Nieuw fiscaal kwalificatiebeleid: Besluit vergelijking buitenlandse rechtsvormen gepubliceerd
Met ingang van 1 januari 2025 treedt in Nederland het nieuwe kwalificatiebeleid van buitenlandse rechtsvormen in werking. Recent is het definitieve Besluit vergelijking buitenlandse rechtsvormen gepubliceerd, evenals enkele goedkeurende besluiten met betrekking tot het overgangsrecht. In dit bericht geven wij een overzicht van de laatste stand van zaken.
Uitgangspunten nieuw kwalificatiebeleid
Het nieuwe kwalificatiebeleid bestaat in essentie uit de volgende vijf onderdelen:
- het vervallen van de open commanditaire vennootschap (‘open cv’);
- aanpassing van de definitie van het fonds voor gemene rekening (‘fgr’);
- het wettelijk verankeren van de rechtsvormvergelijkingsmethode;
- een nieuw Besluit vergelijking buitenlandse rechtsvormen (‘Besluit’);
- introductie van een vaste en symmetrische kwalificatiemethode voor niet-vergelijkbare rechtsvormen.

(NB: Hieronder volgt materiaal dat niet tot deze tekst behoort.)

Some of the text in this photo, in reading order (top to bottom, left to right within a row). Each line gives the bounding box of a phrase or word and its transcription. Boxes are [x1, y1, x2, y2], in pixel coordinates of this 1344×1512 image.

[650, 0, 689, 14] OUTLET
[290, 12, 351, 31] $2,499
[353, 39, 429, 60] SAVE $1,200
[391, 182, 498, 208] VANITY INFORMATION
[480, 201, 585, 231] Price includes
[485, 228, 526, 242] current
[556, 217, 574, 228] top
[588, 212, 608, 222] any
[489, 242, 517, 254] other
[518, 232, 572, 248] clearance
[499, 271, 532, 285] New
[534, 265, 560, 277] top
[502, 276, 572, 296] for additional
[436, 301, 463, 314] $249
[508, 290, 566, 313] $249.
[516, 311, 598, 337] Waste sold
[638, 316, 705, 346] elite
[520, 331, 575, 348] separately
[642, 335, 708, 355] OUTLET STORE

Hieronder gaan wij kort in op de verschillende onderdelen.
1. Het vervallen van de open commanditaire vennootschap
Met ingang van 1 januari 2025 komt de kwalificatie ‘open cv’ te vervallen. Iedere cv wordt daardoor in principe als fiscaal transparant aangemerkt voor de heffing van vennootschapsbelasting, inkomstenbelasting, dividendbelasting en de conditionele bronbelasting. Deze aanpassing werkt ook door naar buitenlandse rechtsvormen die vergelijkbaar zijn met de Nederlandse cv (‘cv-achtigen’, zoals limited partnerships of de Duitse GmbH & Co KG). Alle vennoten van een open cv(-achtige) – zowel beherende als commanditaire – worden per 1 januari 2025 in beginsel dus rechtstreeks voor hun gerechtigdheid in de bezittingen, de schulden, de opbrengsten, de uitgaven en de kosten van de cv in de heffing betrokken. De hoofdregel dat een cv fiscaal transparant is, lijdt daarentegen uitzondering als de cv kwalificeert als een fgr of als een omgekeerd hybride lichaam. In die gevallen wordt de cv(-achtige) toch als fiscaal non-transparant behandeld.

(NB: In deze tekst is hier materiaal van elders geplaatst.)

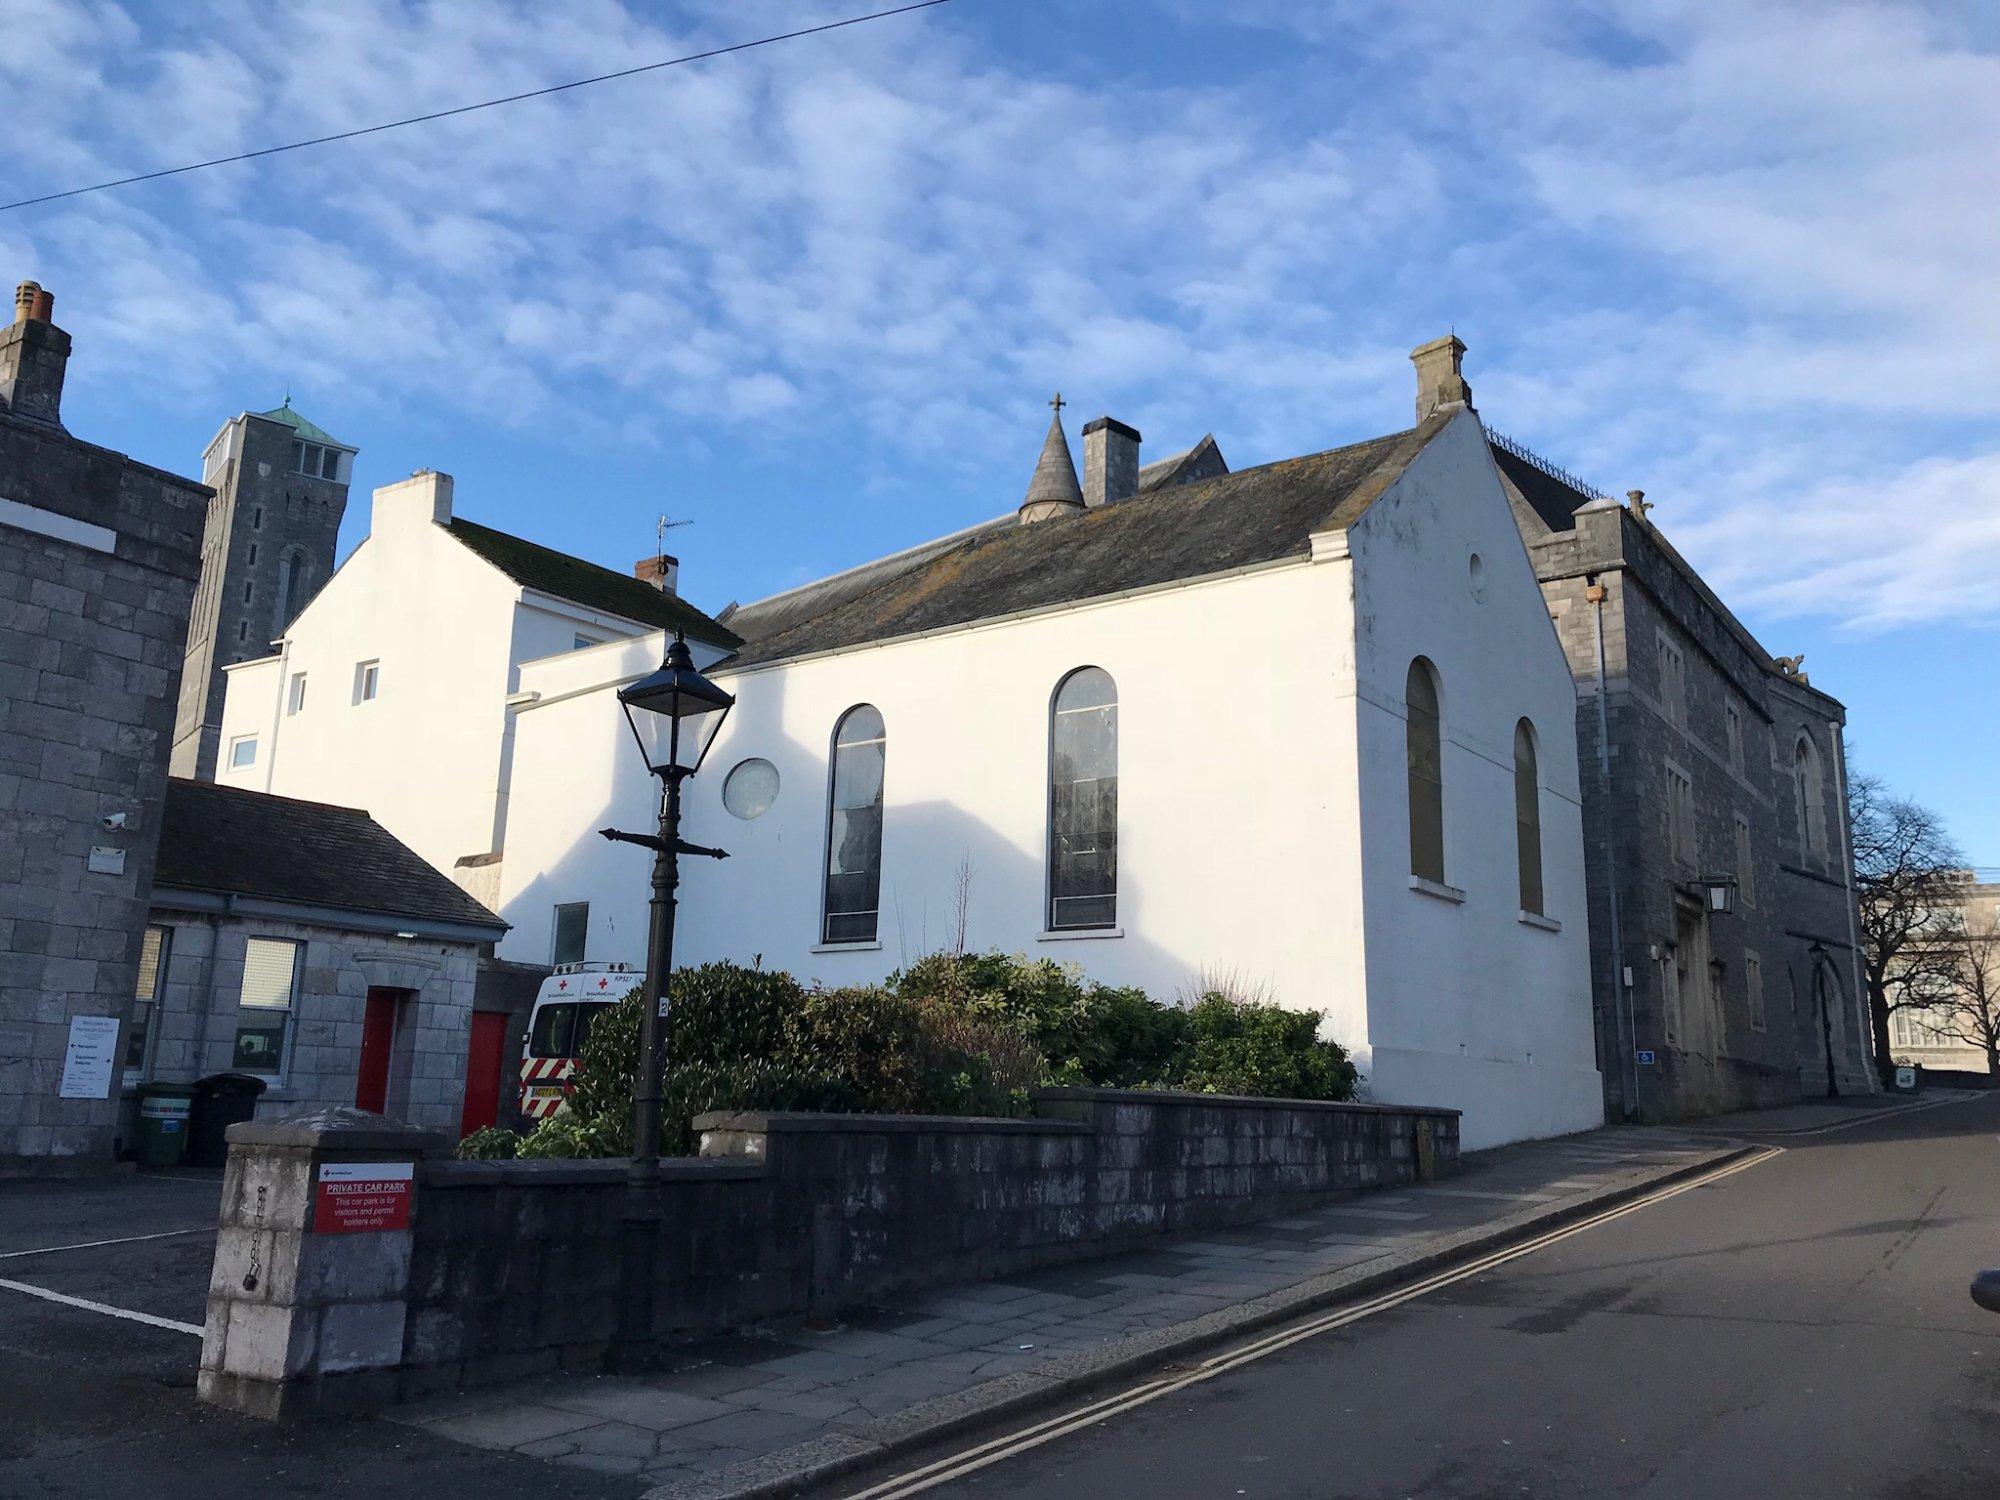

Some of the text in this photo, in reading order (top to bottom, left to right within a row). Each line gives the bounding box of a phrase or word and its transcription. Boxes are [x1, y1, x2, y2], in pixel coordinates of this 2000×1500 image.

[327, 1182, 406, 1193] PRIVATE CAR PARK
[335, 1197, 350, 1206] This
[363, 1197, 379, 1206] park
[380, 1196, 386, 1204] is
[386, 1196, 396, 1204] for
[334, 1207, 394, 1216] visitors and permit
[343, 1218, 384, 1227] holders only

Het vervallen van de kwalificatie als een zelfstandig belastingplichtige ‘open cv’ gaat in principe gepaard met een acute fiscale eindafrekening. Om dit te voorkomen is voorzien in overgangsrecht (zie hierna onder ‘Overgangsrecht’).
2. Aanpassen fonds voor gemene rekening
Met ingang van 1 januari 2025 wijzigt de definitie van het fgr. Anders dan bij de open cv blijft het concept van het zelfstandig belastingplichtige fgr dus wél bestaan. De definitiewijziging kan meebrengen dat bepaalde fondsen niet langer als fgr kwalificeren. Of andersom, dat bepaalde transparante fondsen als niet-transparante fgr gaan kwalificeren. Per 1 januari 2025 is als regel sprake van een fgr als een lichaam of enig ander juridisch construct:
- belegt in fiscale zin (normaal vermogensbeheer);
- belegt voor en ten behoeve van meerdere beleggers;
- kwalificeert als een beleggingsfonds of fonds voor collectieve belegging in effecten als bedoeld in artikel 1:1 van de Wft, c.q. de ICBE-richtlijn of de AIFM-richtlijn, daaronder ook begrepen fondsen die onder artikel 1:13a Wft of artikel 2:66a Wft (‘light-regime’) vallen; en
- sprake is van verhandelbare bewijzen van deelgerechtigdheid.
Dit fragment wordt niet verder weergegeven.